◆ Your task:
Here, the job is to give back every entry below unchanged, omitting pictures.

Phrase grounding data
Start of Block

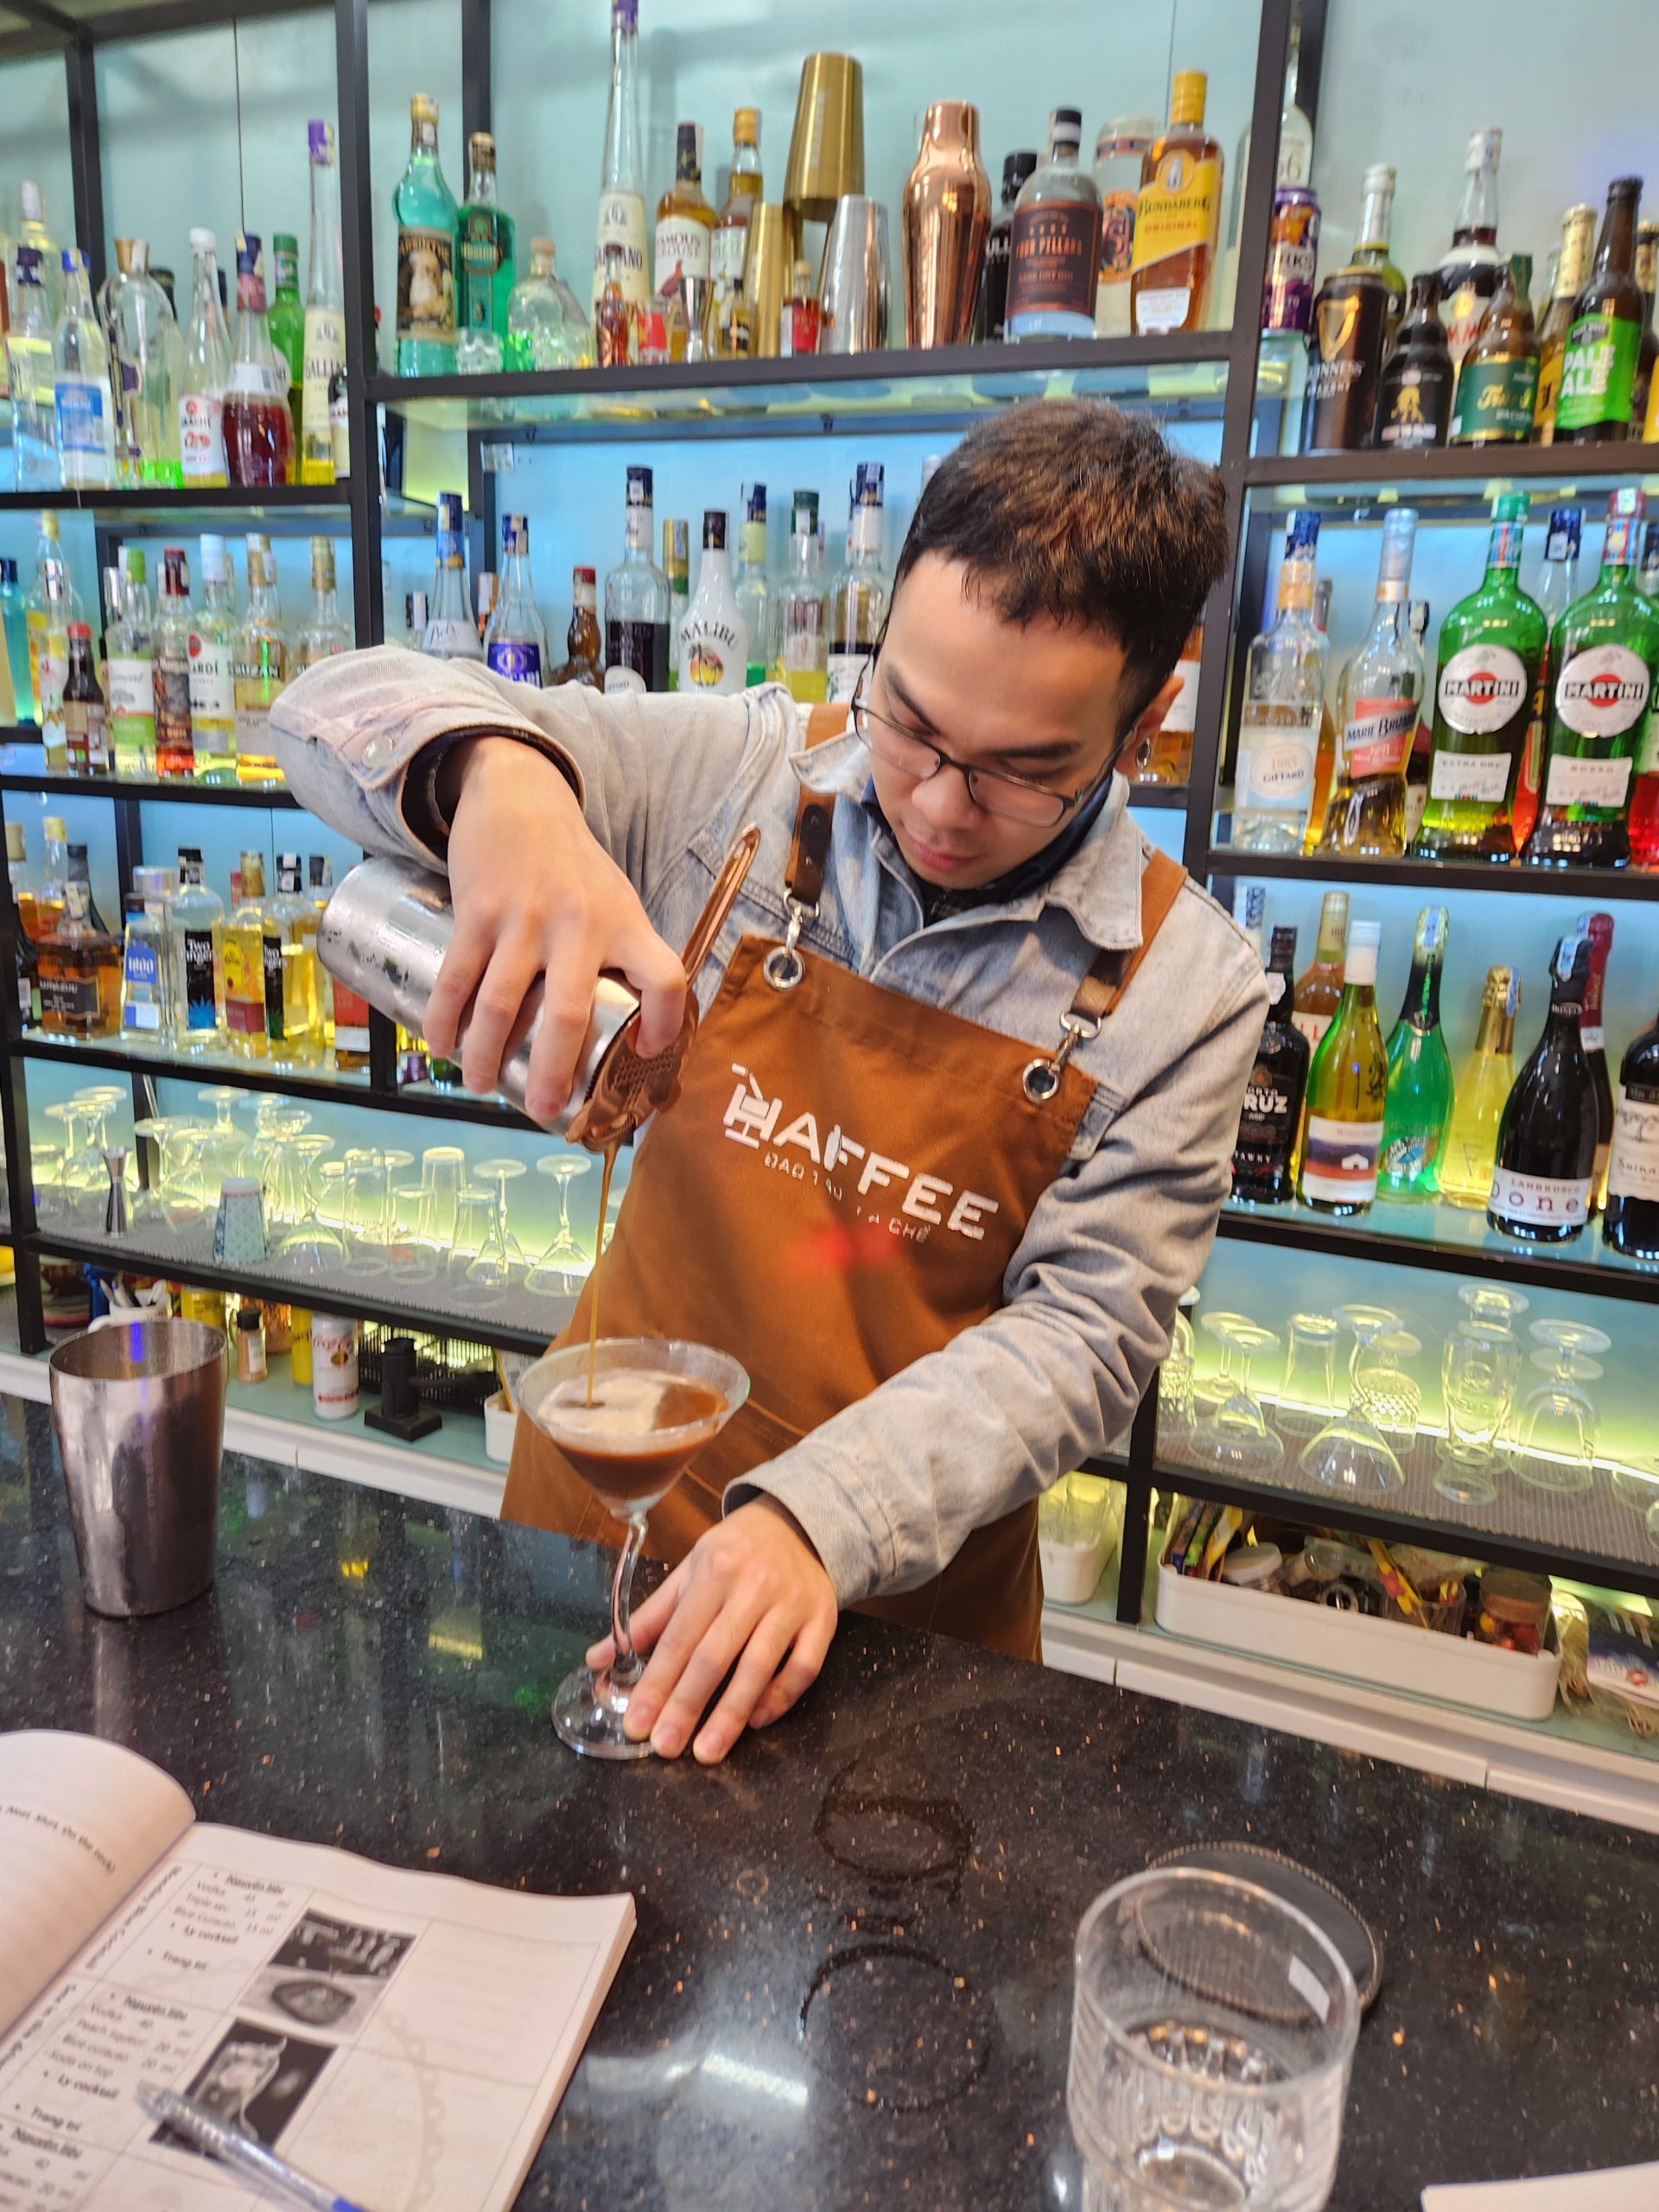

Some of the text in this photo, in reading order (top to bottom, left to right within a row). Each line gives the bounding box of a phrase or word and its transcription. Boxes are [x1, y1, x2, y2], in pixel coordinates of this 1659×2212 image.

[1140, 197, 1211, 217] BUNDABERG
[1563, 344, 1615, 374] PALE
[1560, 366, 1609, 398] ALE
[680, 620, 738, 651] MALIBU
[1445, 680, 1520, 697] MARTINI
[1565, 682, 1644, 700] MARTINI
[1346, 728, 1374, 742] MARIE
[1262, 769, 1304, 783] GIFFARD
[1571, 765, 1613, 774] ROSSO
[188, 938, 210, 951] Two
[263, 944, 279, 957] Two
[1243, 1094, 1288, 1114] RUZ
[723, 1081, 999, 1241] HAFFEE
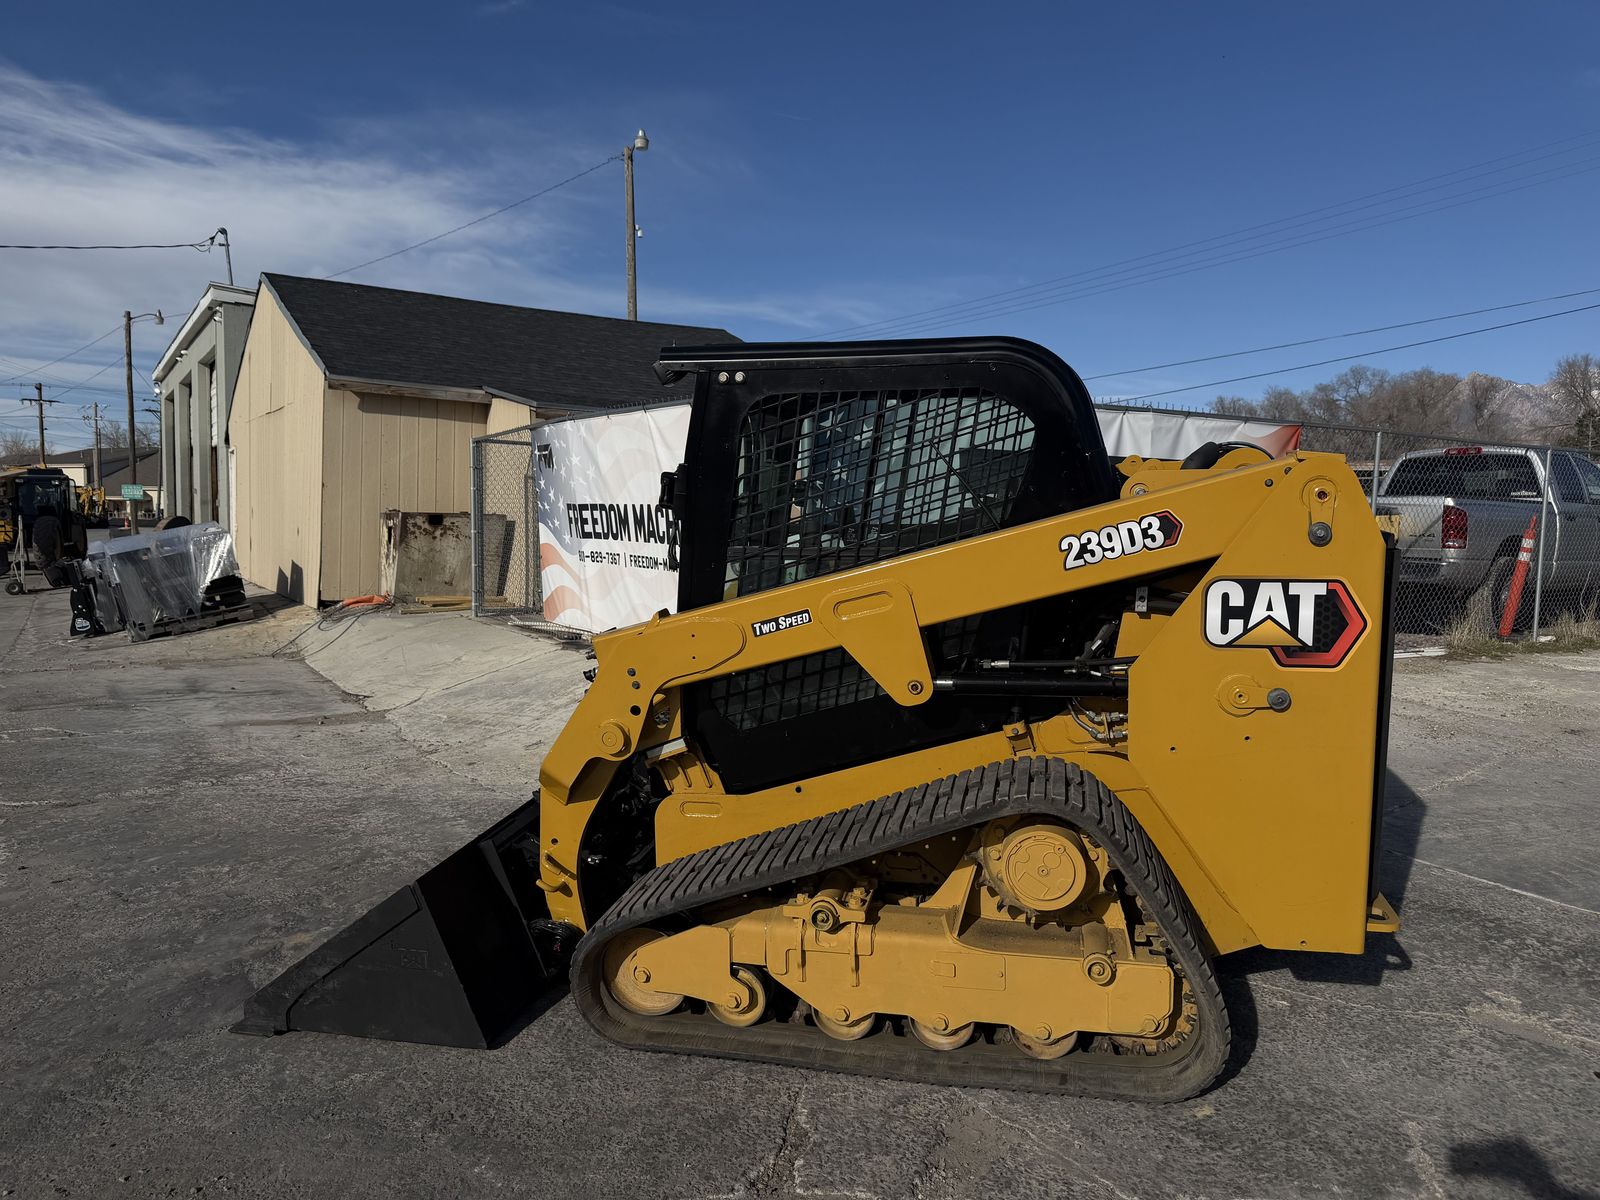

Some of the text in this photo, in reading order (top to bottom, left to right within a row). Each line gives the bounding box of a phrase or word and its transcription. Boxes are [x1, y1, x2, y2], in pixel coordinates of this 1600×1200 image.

End of Block

◆ Response:
Some of the text in this photo, in reading order (top to bottom, left to right within a row). Each line gives the bounding box of a phrase or word and its transcription. Boxes are [x1, y1, x2, y2], in pixel coordinates of this 1659×2212 image.

[1140, 197, 1211, 217] BUNDABERG
[1563, 344, 1615, 374] PALE
[1560, 366, 1609, 398] ALE
[680, 620, 738, 651] MALIBU
[1445, 680, 1520, 697] MARTINI
[1565, 682, 1644, 700] MARTINI
[1346, 728, 1374, 742] MARIE
[1262, 769, 1304, 783] GIFFARD
[1571, 765, 1613, 774] ROSSO
[188, 938, 210, 951] Two
[263, 944, 279, 957] Two
[1243, 1094, 1288, 1114] RUZ
[723, 1081, 999, 1241] HAFFEE

Some of the text in this photo, in reading order (top to bottom, left to right within a row). Each line gives the bounding box of a phrase or word and its transcription. Boxes are [x1, y1, x2, y2], in pixel coordinates of this 1600×1200 image.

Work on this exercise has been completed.